_Required work_
When you copy the data, keep every line exactly as written and skip the pictures.

↓

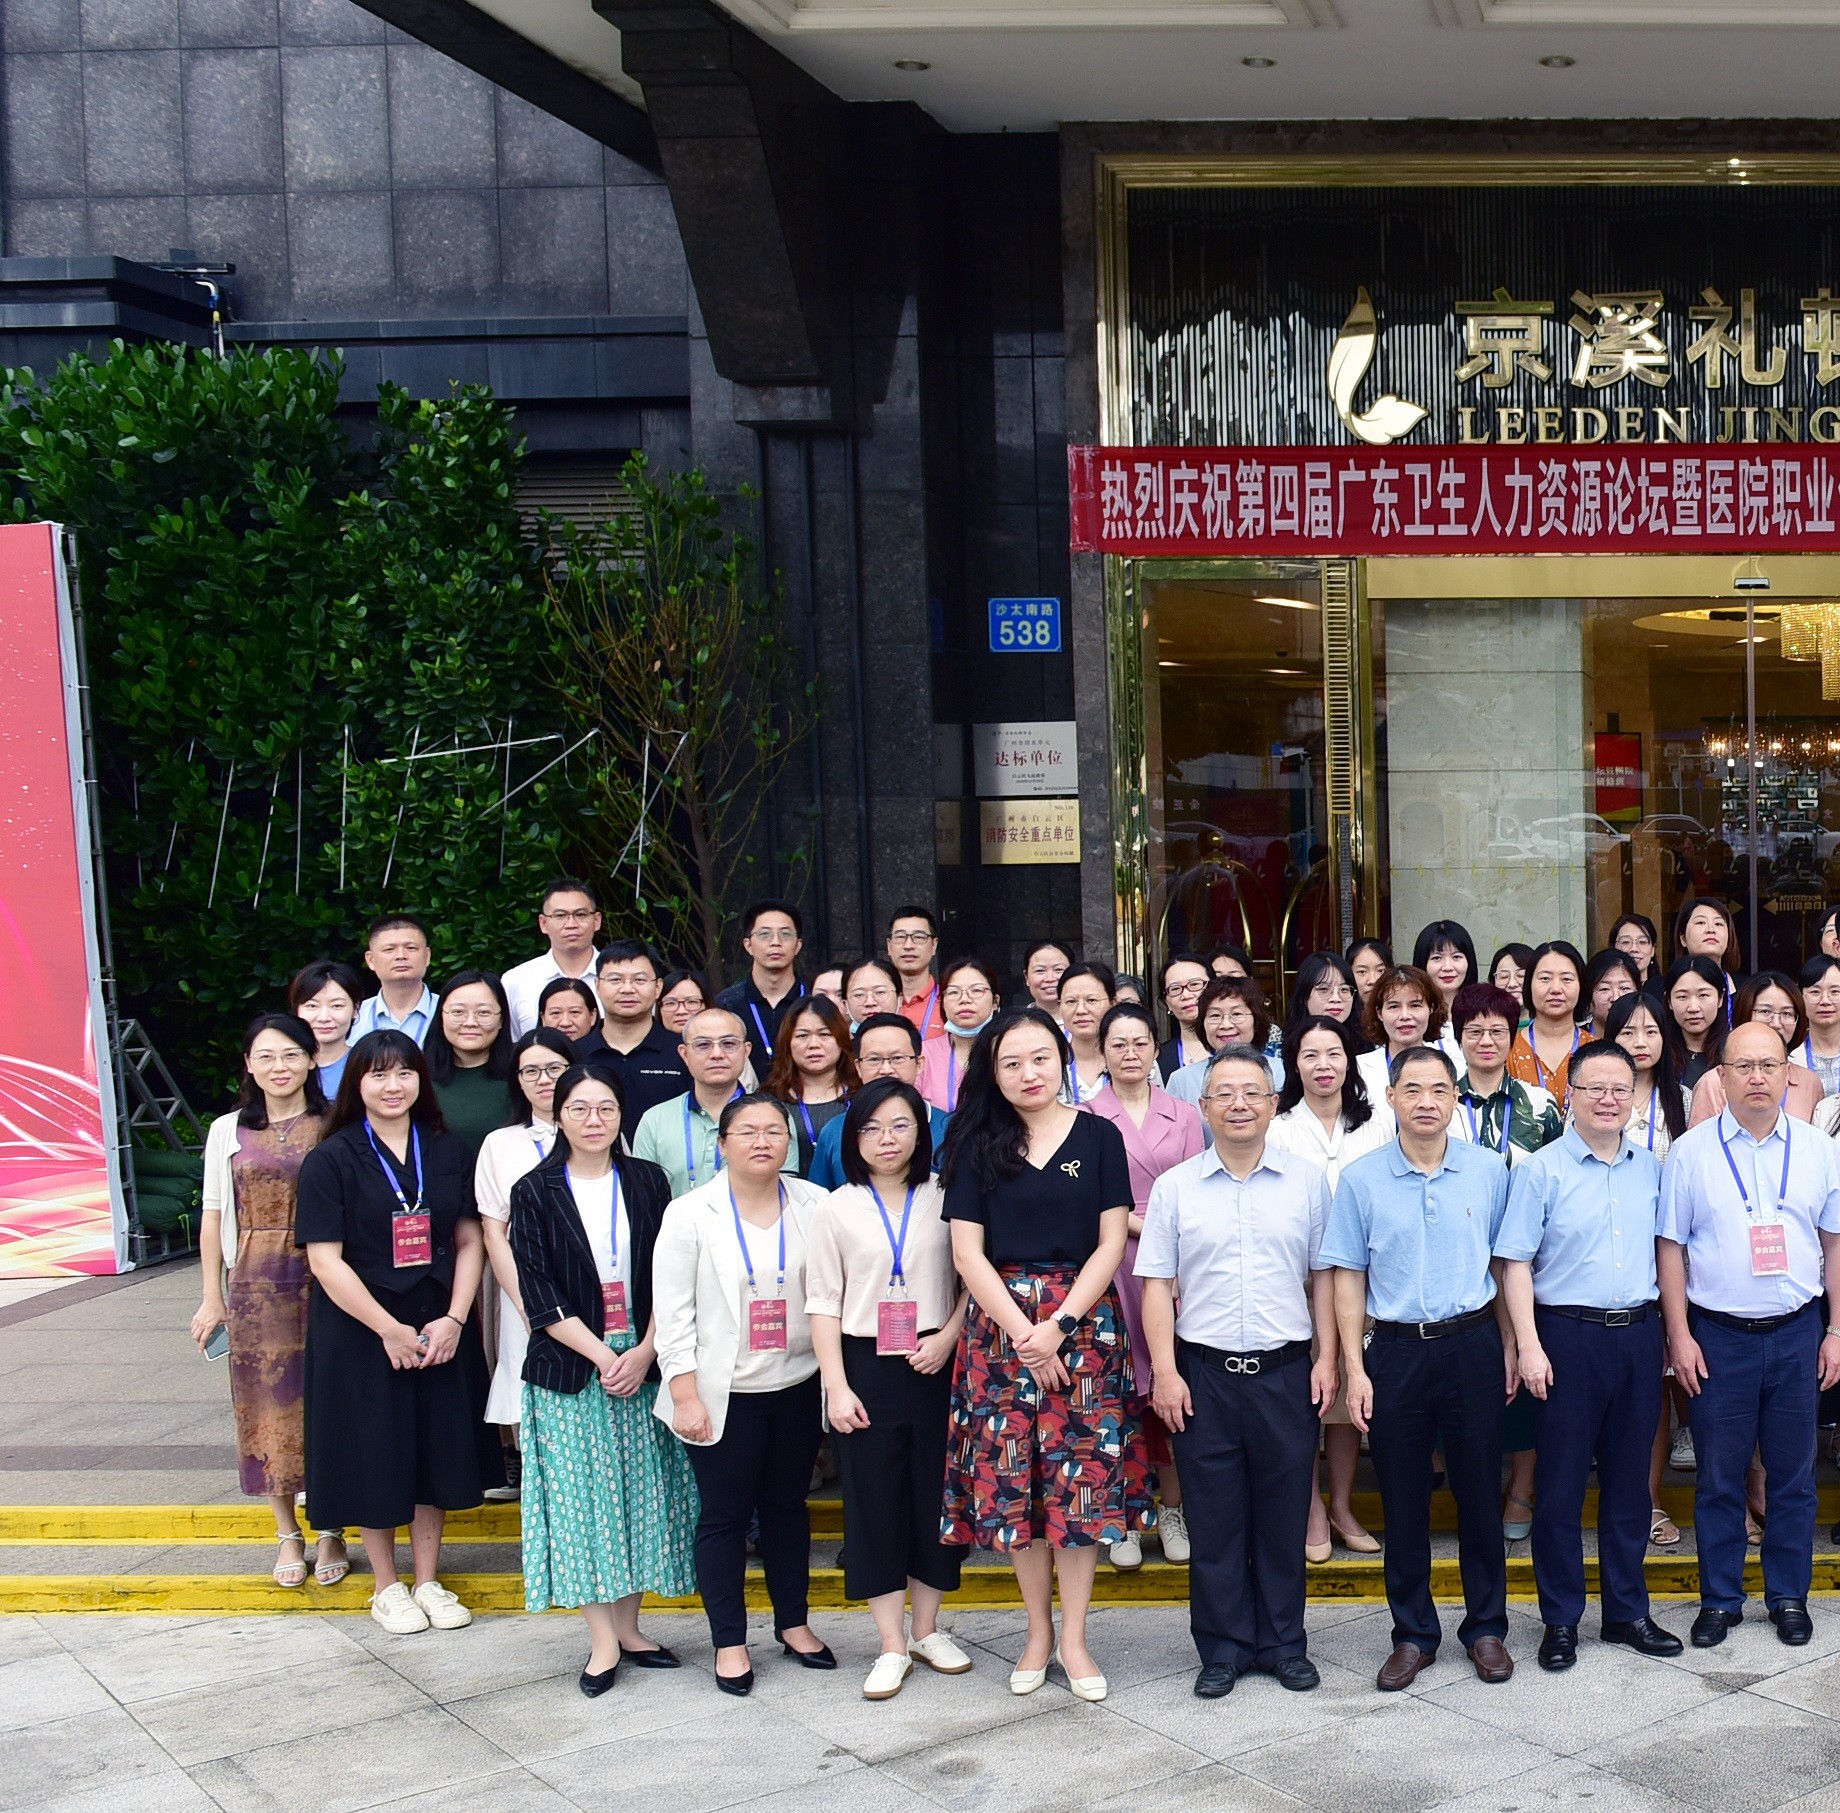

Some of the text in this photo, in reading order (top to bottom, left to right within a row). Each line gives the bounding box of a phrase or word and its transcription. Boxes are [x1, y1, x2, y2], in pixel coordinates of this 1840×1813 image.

[1458, 406, 1691, 444] LEEDEN
[996, 603, 1053, 616] 沙太南路
[1000, 620, 1051, 646] 538
[995, 750, 1062, 766] 达标单位
[986, 827, 1075, 843] 消防安全重点单位
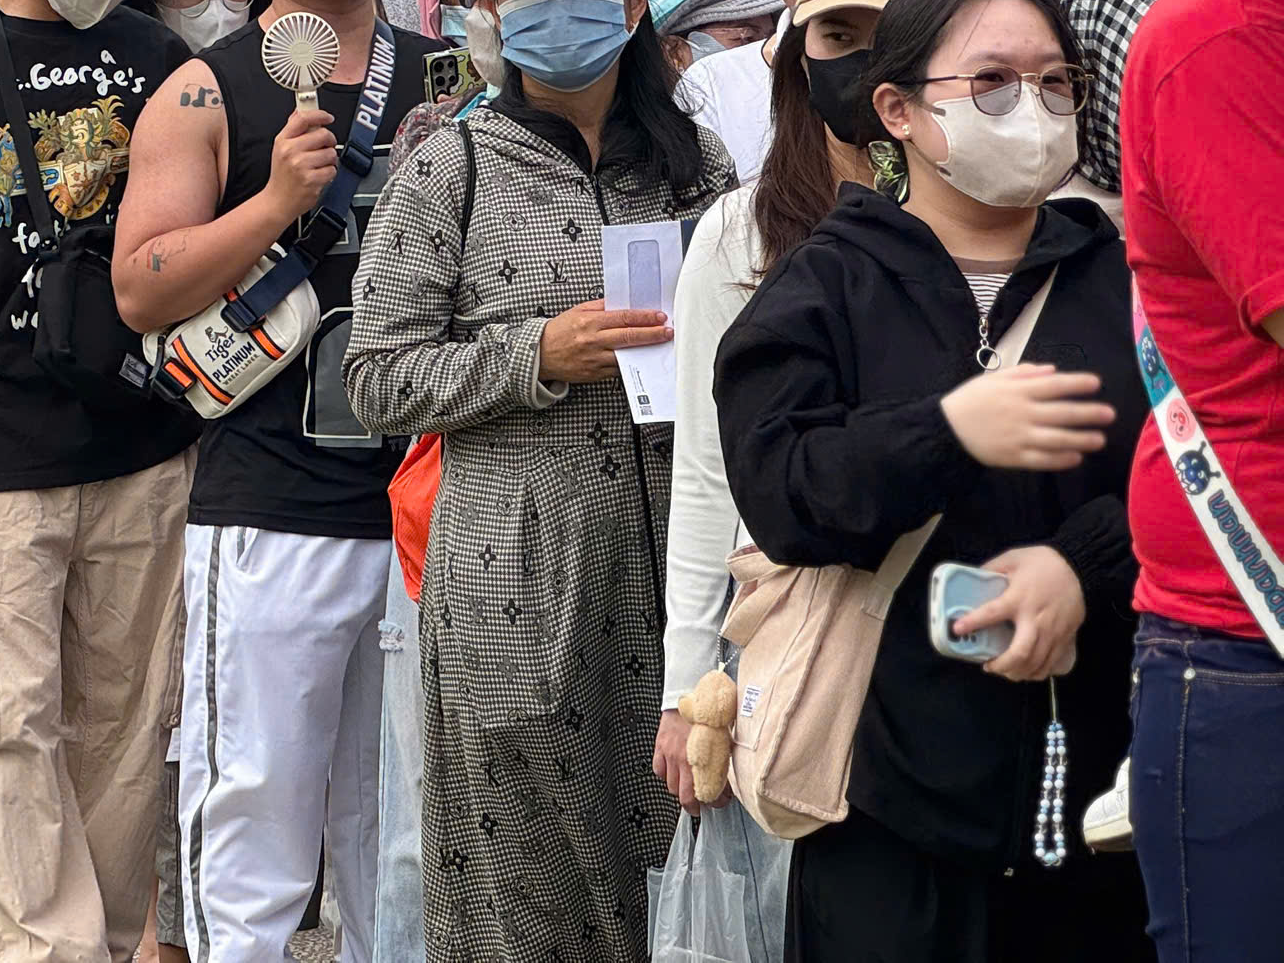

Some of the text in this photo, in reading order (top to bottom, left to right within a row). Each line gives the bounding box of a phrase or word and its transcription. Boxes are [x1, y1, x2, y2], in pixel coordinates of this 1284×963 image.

↑

_Reply to the exercise_
Some of the text in this photo, in reading order (top to bottom, left to right within a row). Each line gives the bounding box of a phrase or word and its transcription. Boxes are [x1, y1, x2, y2], in pixel coordinates of this 1840×1813 image.

[1458, 406, 1691, 444] LEEDEN
[996, 603, 1053, 616] 沙太南路
[1000, 620, 1051, 646] 538
[995, 750, 1062, 766] 达标单位
[986, 827, 1075, 843] 消防安全重点单位

Some of the text in this photo, in reading order (top to bottom, left to right within a row). Each line gives the bounding box of a phrase or word and its transcription. Boxes are [x1, y1, x2, y2], in pixel coordinates of this 1284×963 image.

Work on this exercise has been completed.